Australian speedway rider (born 1987)

Troy Matthew Batchelor (born 29 August 1987) is an Australian speedway rider.

== Career ==

=== Australia ===
Born in Brisbane, Queensland, Batchelor enjoyed his first success when he won the 2001 Queensland and New South Wales Under-16 championships and followed this up by winning the 2003 Australian Under-16 Championship at the Bibra Lake Speedway in Perth. After graduating to the senior ranks following his 16th birthday, Batchelor won the Queensland State Championship in 2007 before he moved to Adelaide in South Australia where he has won the South Australian Championship at the Gillman Speedway six times (2008-2011, 2013, 2017). As of 2023, he sat third in the all-time SA title winners list behind joint record holders John Boulger and Jack Young. Boulger and Young each won nine SA titles during their respective careers.

In January 2008, Batchelor finished runner-up to Chris Holder in the Australian Solo Championship.

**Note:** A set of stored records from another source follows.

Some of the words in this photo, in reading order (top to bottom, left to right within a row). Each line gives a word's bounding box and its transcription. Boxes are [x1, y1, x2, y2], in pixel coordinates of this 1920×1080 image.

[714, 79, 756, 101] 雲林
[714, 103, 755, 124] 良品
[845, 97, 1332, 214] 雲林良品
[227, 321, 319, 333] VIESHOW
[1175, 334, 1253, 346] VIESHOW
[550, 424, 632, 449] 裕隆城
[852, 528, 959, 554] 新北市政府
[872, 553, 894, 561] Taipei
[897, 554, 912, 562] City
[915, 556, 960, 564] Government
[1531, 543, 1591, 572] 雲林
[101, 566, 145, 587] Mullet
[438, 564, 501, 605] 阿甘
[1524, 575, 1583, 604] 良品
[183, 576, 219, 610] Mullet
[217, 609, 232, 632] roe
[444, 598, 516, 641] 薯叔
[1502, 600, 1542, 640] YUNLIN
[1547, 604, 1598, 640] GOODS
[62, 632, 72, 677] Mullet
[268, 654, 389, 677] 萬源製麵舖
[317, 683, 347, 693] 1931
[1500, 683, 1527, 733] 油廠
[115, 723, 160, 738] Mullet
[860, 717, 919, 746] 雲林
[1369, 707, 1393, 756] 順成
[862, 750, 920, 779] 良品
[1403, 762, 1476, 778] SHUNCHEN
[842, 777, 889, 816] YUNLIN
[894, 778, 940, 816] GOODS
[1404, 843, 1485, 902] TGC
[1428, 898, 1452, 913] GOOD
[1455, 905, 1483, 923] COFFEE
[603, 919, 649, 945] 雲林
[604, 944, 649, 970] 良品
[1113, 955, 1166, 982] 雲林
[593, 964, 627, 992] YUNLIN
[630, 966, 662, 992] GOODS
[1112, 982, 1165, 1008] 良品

In January 2013, he won the Australian Championship after having finished second in both 2008 and 2010.

Batchelor also won the Australian Long Track Championship in 2003 at the Bathurst Showground, and again in 2004 at the Wagga Wagga Showground. On 3 December 2016, Batchelor added the Victorian Championship to his resume when he won the championship at Undera Park, defeating the U/21 World champion Max Fricke in the final.

=== UK and Europe ===
Batchelor began his British speedway career in 2005 when he signed for King's Lynn Stars in the Premier League. In his first year, he won the Premier League Knockout Cup and the Premier Trophy, with King's Lynn defeating Rye House Rockets in both finals. The next season Batchelor was back at King's Lynn and was also Elite League team Coventry Bees number 8 rider. That year King's Lynn won a treble of the Premier League Championship, Premier Trophy and the Premier League Knockout Cup. He also helped Coventry win the Elite League Knockout Cup.

In 2007, Batchelor stepped up to the Elite League full-time with the Poole Pirates, whom he signed for on loan from King's Lynn. He also signed for Polish team Unia Leszno in the Ekstraliga and helped them win the 2007 Ekstraliga Championship. In 2008, Batchelor was on loan at Swindon Robins and continued with Unia Leszno in Poland. He also signed for Dackarna in the Swedish Elitserien.

Following two years with Peterborough Panthers in 2010 and 2011, Batchelor joined Swindon for the 2012 season and won the 2012 Elite League with the club.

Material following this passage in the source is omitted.